Cardenia blinked at this. “She’s in here?”
“Of course.”
“She was lost in the Flow. I didn’t think she existed.”
“She updated before her final trip. Everything but those last few days is in here.”
This took Cardenia aback. On one hand it made sense. On another, the idea of a person being … incomplete was odd. “Jiyi, show me Emperox Grayland I.”
A shimmer and a tall, wide woman appeared and walked toward Cardenia.
“You’re Emperox Grayland I,” Cardenia asked.
“Yes,” the woman said.
“You … know what happened to you? How you died?”
“I’m aware of the information, yes.”
“How do you feel about it?” This was all an aside, but Cardenia had to know.
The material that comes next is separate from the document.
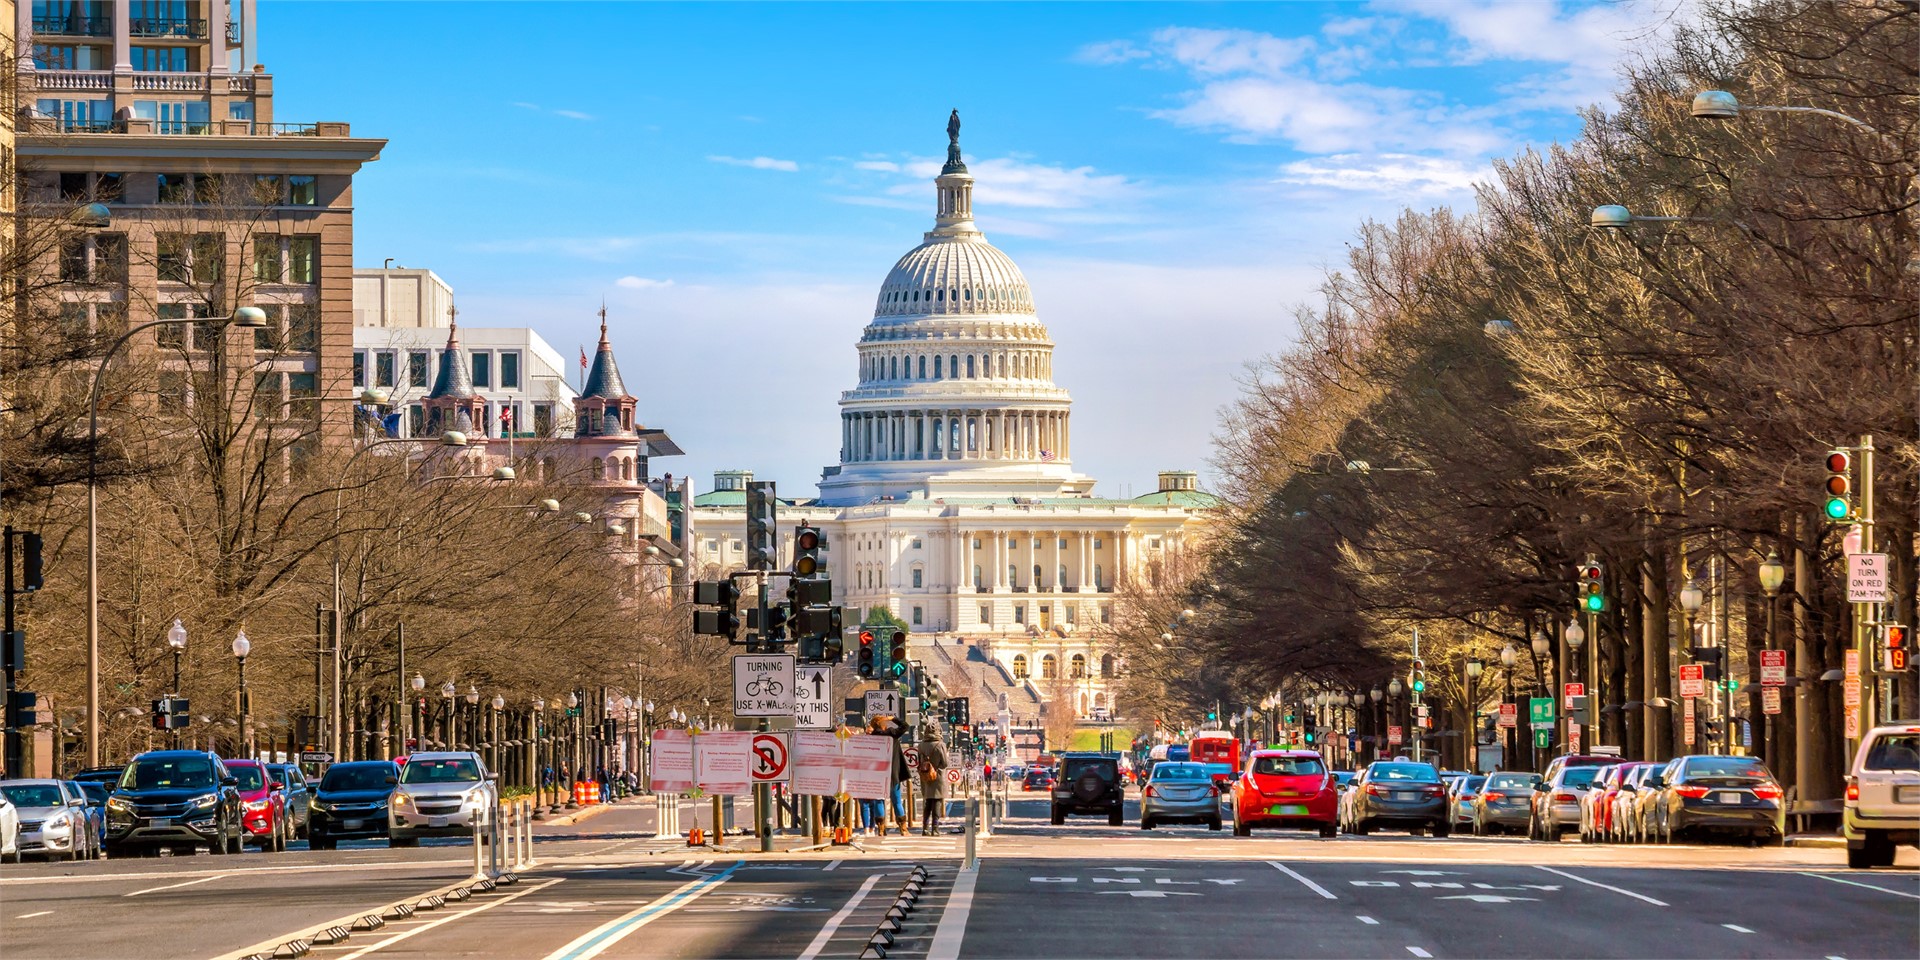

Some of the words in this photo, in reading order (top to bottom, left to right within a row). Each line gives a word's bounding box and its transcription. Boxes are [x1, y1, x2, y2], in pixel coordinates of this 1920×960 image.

“I don’t feel anything about it. I’m a computer simulation of a person. That said, given what I know about it, I imagine the actual Emperox Grayland I was exceptionally pissed about it.”
This made Cardenia smile. Then she got back on track. “You knew the Flow stream for Dalasysla was collapsing.”
“I was given models by scientists that suggested that the stream was in danger of collapsing, yes. Given the data and my understanding of it, I thought it was possible, and likely.”
“But you didn’t evacuate the Dalasysla system.”
“No.”
“Why not?”
“Politics,” Grayland said. “Evacuating the twenty million people who lived in the Dalasysla system would have required immense planning and capital on the part of the Interdependency. There was no will for it.”
“The parliament didn’t want to save the lives of twenty million people?”
“They didn’t see it as a matter of saving those lives. They considered it a matter of someone they saw as a weak emperox trying to manufacture a crisis, as a way of shifting the balance of power away from the parliament. They also saw it as a threat to trade and the economy, since a large number of ships would need to be committed to an evacuation, at a huge cost.”
“What about the data showing the possibility of a collapse?”
“They held a commission which featured other Flow physicists poking holes in the findings, introducing enough doubt to undermine any political drive to do anything. Even the representatives from Dalasysla voted down my recommendation to begin an evacuation. What eventually passed was a recommendation for further study. But money wasn’t appropriated in the imperial budget for that further study, so nothing came of it.”
“So—” So you did nothing, Cardenia was going to say, but then stopped because it would be rude and would make Grayland almost instantly defensive. Then she remembered she was talking to a computer who didn’t have feelings. “So you did nothing.”
“I sent the local duchess an advisory, and told the military and local imperial bureaucrats to assist, on an expedited basis, any Dalasyslans who wanted to leave.”
“And did they?”
“We don’t know. The Flow stream collapsed almost immediately after I sent the advisory.”